Il est 9h30 un mardi soir et 20 jeunes sont rassemblés dans ce café intime de Brooklyn, assis dans des chaises pliantes sur un collage de tapis du Moyen-Orient, prêt pour un rappel.

« Toda Raba, Habibi», Explique El Atigh Abba, le propriétaire du café, remerciant les musiciens après avoir fini de mener une autre chanson de ladino.

Abba, 36 ans, a l'énergie fraîche de l'oncle nécessaire pour gérer ce type de café, où les gens font tout sauf le travail. Le dissident mauritanien moustachu et souriant éternellement accueille ses invités dans pas moins de six langues, y compris l'hébreu.
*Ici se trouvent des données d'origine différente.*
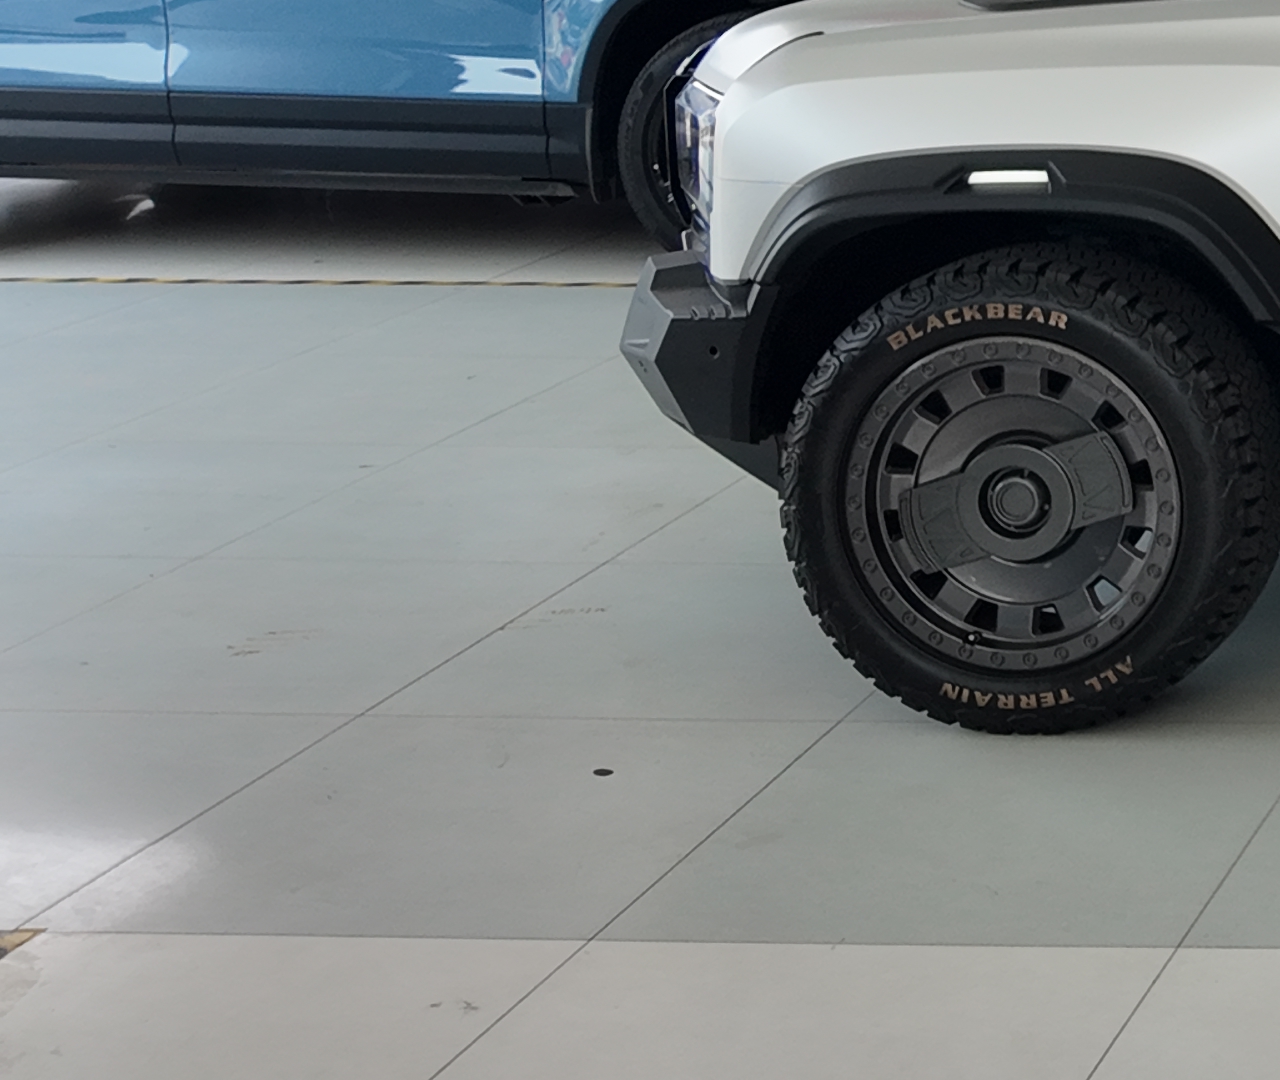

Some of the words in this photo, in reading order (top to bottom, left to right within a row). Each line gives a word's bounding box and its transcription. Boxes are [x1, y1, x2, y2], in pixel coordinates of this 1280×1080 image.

[885, 302, 1069, 351] BLACKBEAR
[1084, 655, 1135, 692] ALL
[940, 681, 1075, 709] TERRAIN
Sur son calendrier chargé des événements de rencontres sur la vitesse, des performances de danse du ventre et des collectes de fonds pour les Palestiniens, le Barzakh Café de Crown Heights – du nom du concept musulman d'un endroit intermédiaire – a également organisé des événements juifs, notamment les dîners interfaits de Shabbat, une conversation avec un activiste de la paix israélien et des célébrations de la Mimouon juive de Maghrebi.

Barzakh n'est pas plus juif qu'il n'est syrien, africain ou cubain, mais il offre à de nombreux jeunes juifs quelque chose qu'ils ont difficile à trouver ailleurs. Pour les Juifs libéraux des communautés de Mizrahi, qui ont tendance à être conservateurs et fermement pro-israéliens, Barzakh présente une combinaison rare: les traditions Mizrahi et les valeurs pro-Palestiniennes.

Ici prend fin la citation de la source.